In response to the growing interest in interdependence and multispecies thinking within the arts, this proposal explores how embodied practices can help bridge the gap between intellect and lived experience. Rooted in ecofeminist perspectives, this pedagogical project proposes the horticultural techniques of grafting and pruning as epistemological tools1 to rethink how knowledge is produced, shared, and valued in learning contexts.
Grafting inserts a fresh sprout into a grown tree, symbolising the integration of new possibilities into existing structures. It relies on the tree’s agency, as the host may accept or reject the incorporation. Pruning, in contrast, intentionally removes excess to foster resilience or productivity. These horticultural gestures can serve as tools to reconsider artistic practice itself -trimming away what no longer serves, while cultivating new habits and approaches that open pathways for art to evolve beyond familiar patterns. As Agustín Pérez Rubio suggests: “How can humanise history anew, if not with imagination and rewriting strategies that advocate letting the imagination run free and creating grafts, or cutting short the future of the story so far told?” (Es Baluard Museum, 2023).
Glass Houses and Soft Stones reimagines the art academy -particularly KASK & Conservatorium- as a space where earth-bound wisdom, practised through grafting and pruning, cultivates embodied and relational approaches to knowledge. This pedagogical project explores these horticultural techniques as both metaphors and hands-on tools for experiential learning in collaboration with Ghent’s ancient fruit trees, positioning these tools as catalysts for scholars to engage with embodied knowledge, fostering interconnected thinking and deeper relationships with nonhuman life. Importantly, the project offers value not only for art students but also for teaching artists, providing pedagogical tools and methodologies that can inform their teaching strategies, thereby contributing to innovation in arts education.
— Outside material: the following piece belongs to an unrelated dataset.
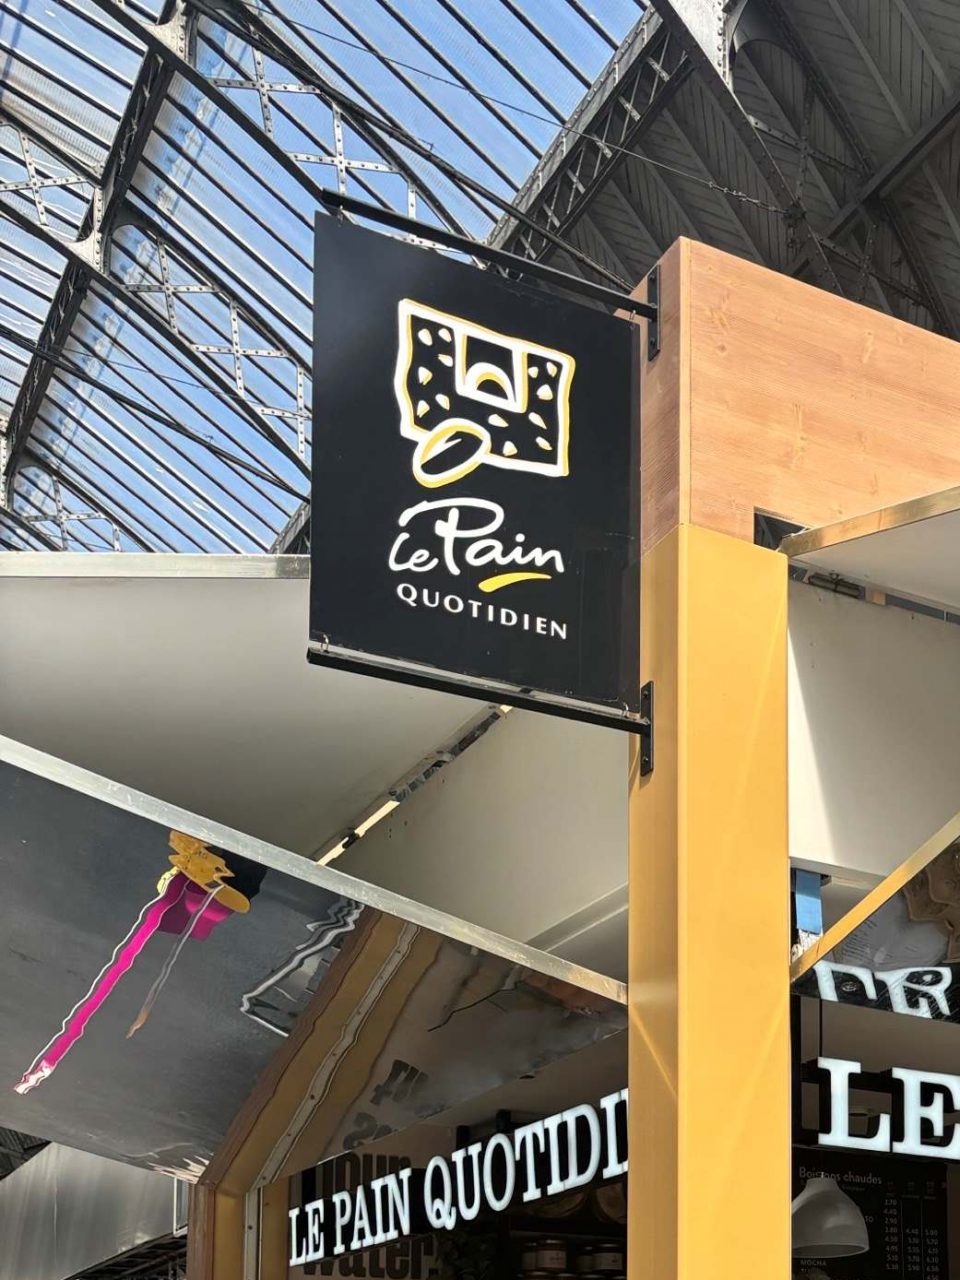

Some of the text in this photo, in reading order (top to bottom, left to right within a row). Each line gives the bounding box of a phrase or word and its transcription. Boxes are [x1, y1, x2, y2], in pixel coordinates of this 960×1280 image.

[399, 497, 565, 576] Pain
[396, 583, 568, 641] QUOTIDIEN
[289, 1088, 628, 1267] LE PAIN QUOTIDI
[843, 1171, 882, 1185] chaudes
Over the course of a year, participants -including students and teachers- will take part in workshops on tree care that introduce tactile, embodied, and multisensory practices, such as grafting, pruning, reflective observation, and collaborative care of living systems. The innovative educational project targets those departments that traditionally privilege a single sense: vision in photography and film, and hearing in musicology. These embodied practices encourage participants to develop more holistic approaches, expanding their approaches to tactile knowledge. Through these hands-on workshops, scholars can transform their understanding of pedagogy, discovering how land-based, experiential approaches to these techniques can be incorporated into teaching and creative processes alike.
The course in tree care will be integrated into existing classes in the departments of photography, film, and musicology and will unfold in four units of content, integrating agricultural perspectives into arts education. Engaging guest lecturers from Pomko4 (Dieter Dewitte) and the Groendienst of Ghent alongside scholars and the traditional fruit trees. This project aspires to reshape academic spaces by taking action from the garden. Hyphae-ing connections between the work in the gardens and in the arts, I will collaborate with photographer and visual researcher Patricia Kühfuss as a guest lecturer. With her expertise in mind-mapping and collaborative visual methods, we will create tailored exercises to root the embodied learning developed in the gardens within diverse disciplines across the departments.
Practising photography, film, or music with a focus on bodily perception has the potential to unsettle habitual modes of observation and production -eyes, ears-, fostering an awareness of the body as an active site of knowledge. Similarly, learning from the cycles and care of trees reframes scholarship itself as a form of cultivation of a slower timing and non-linearity. The aim is to humanise ourselves by acknowledging the physical dimension of our being, paying special attention to the sense of touch: its capacities, its limits, and its entanglement with ecological systems. The insights emerging from these arboricultural and embodied practices will be shared at the Green Office of Ghent University.